WHAT YOU WILL DO | Without the images, repeat every line of the listing exactly.

________________

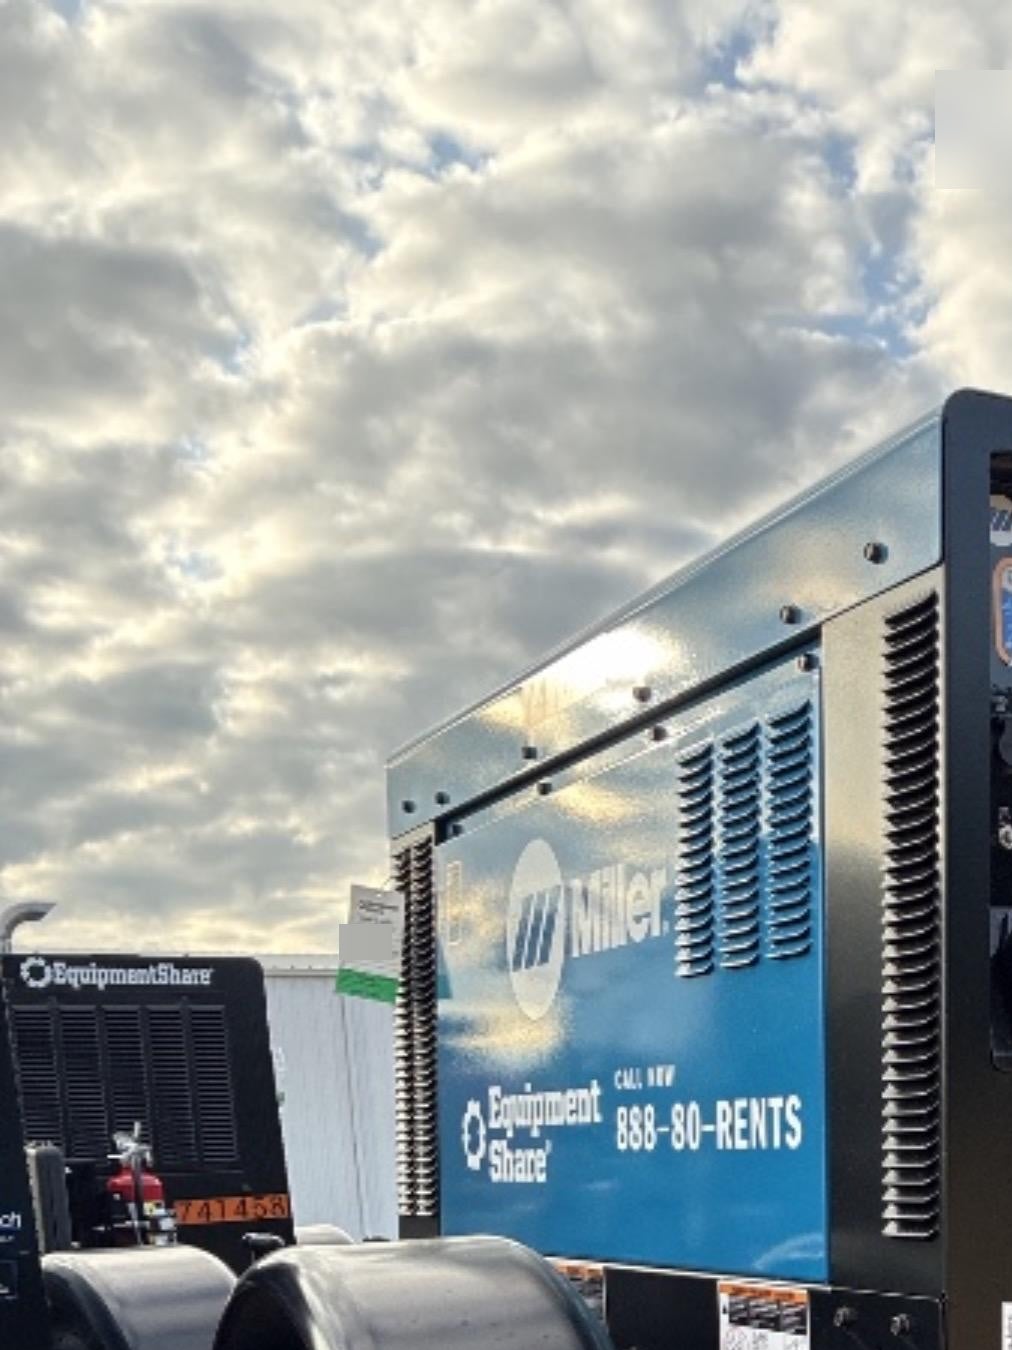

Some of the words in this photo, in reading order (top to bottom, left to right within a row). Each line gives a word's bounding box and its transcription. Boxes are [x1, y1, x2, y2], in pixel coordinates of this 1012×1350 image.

[569, 863, 670, 958] Miller
[52, 961, 213, 990] EquipmentShare
[488, 1079, 602, 1138] Equipment
[616, 1095, 802, 1151] 888-80-RENTS
[488, 1139, 549, 1183] Share

________________

FINAL ANSWER |
Some of the words in this photo, in reading order (top to bottom, left to right within a row). Each line gives a word's bounding box and its transcription. Boxes are [x1, y1, x2, y2], in pixel coordinates of this 1012×1350 image.

[569, 863, 670, 958] Miller
[52, 961, 213, 990] EquipmentShare
[488, 1079, 602, 1138] Equipment
[616, 1095, 802, 1151] 888-80-RENTS
[488, 1139, 549, 1183] Share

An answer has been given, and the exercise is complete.